You can take the deduction regardless of whether you itemize deductions. Even if your parents pay the interest on a loan for which you are liable, you can deduct the interest, as long as you are not claimed as a dependent on your parents’ tax return. 

A New Pay-as-You-Earn Student Loan Repayment Plan


How does the new repayment plan work?
The best way to describe it is in relation to the current income-based repayment plan. The IBR plan allows federal loan borrowers who qualify based on their income in relation to their loans to pay 15% of their discretionary income (the amount by which adjusted gross income exceeds the poverty line, accounting for family size). After 25 years, any remaining balance is forgiven. The new Pay As You Earn plan cuts payments to 10% of income and cuts the payment period from 25 to 20 years. 
Are all federal loans eligible for the plan?
No, only Direct student loans, funded by the U.S. Department of Education. Direct PLUS loans made to parents and consolidation loans that repay parent PLUS loans aren't eligible. The catch with Pay As You Earn is that it doesn’t apply to every borrower. To qualify, you can't have had outstanding federal loans as of October 1, 2007, and you have to have received a new loan on or after October 1, 2011. That effectively disqualifies most people in repayment now.
What can they do?
IBR will remain available for people who qualify. So will income-contingent repayment, which, like IBR, also has a 25-year repayment period but requires payments of 20% of income. The good news is that there are a lot of helpful programs. Consolidation can make management of loans easier. Forgiveness options are available, based not just on income but also on profession—such as public service.

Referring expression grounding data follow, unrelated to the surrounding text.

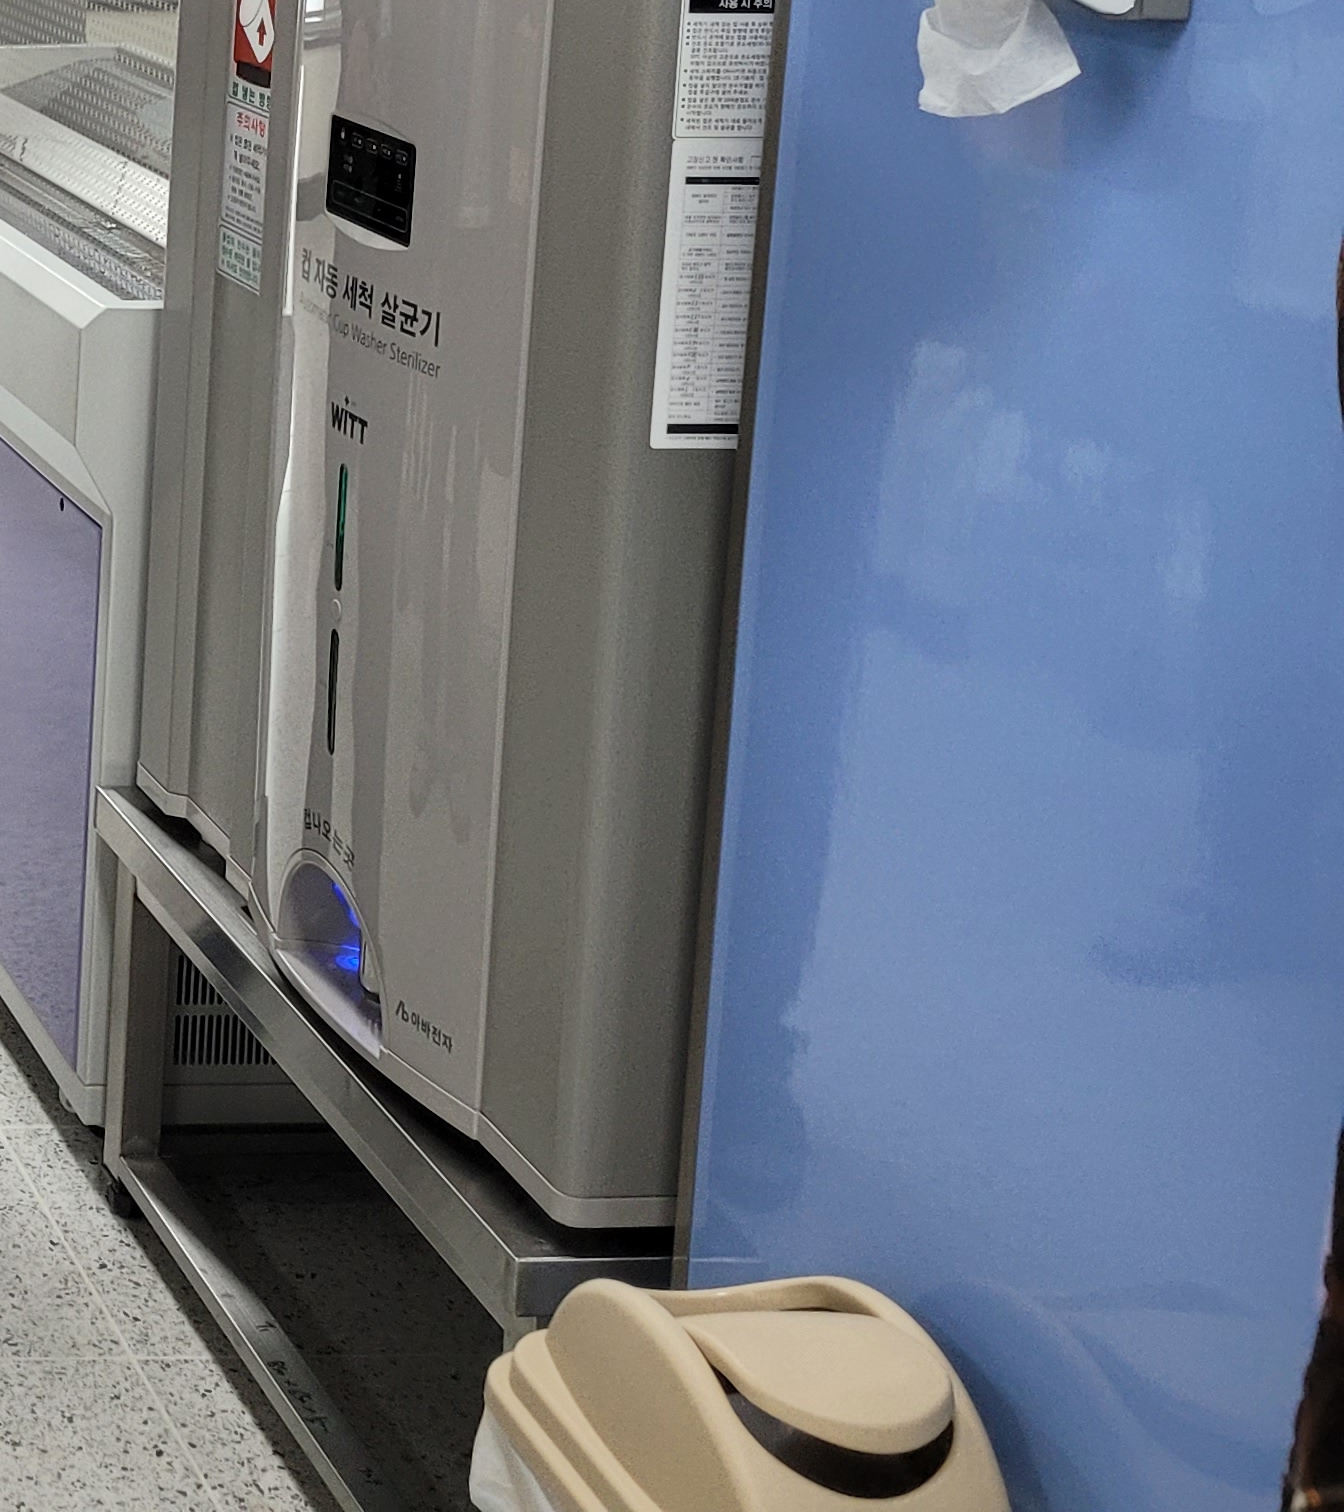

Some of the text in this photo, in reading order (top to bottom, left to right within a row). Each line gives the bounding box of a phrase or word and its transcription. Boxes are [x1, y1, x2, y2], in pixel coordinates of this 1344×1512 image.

[301, 248, 312, 283] 컵
[314, 257, 339, 299] 자동
[342, 274, 375, 320] 세척
[380, 292, 441, 348] 살균기
[333, 314, 441, 379] Cup Washer Sterilizer
[410, 1011, 453, 1055] 아바전자

What about students with private loans?
 None of these programs exist for private loans. Their terms are often worse, with higher rates, longer repayment and less-generous forbearance. Private student loan problems in this country are huge.
How many students will the new program help?
It's hard to say. But anything that ensures that college grads stay afloat is helpful. The consequences of defaulting on federal loans are severe. The government can garnish wages, offset federal benefits or seize tax refunds. And there's no statute of limitations; collectors can literally pursue you to the grave.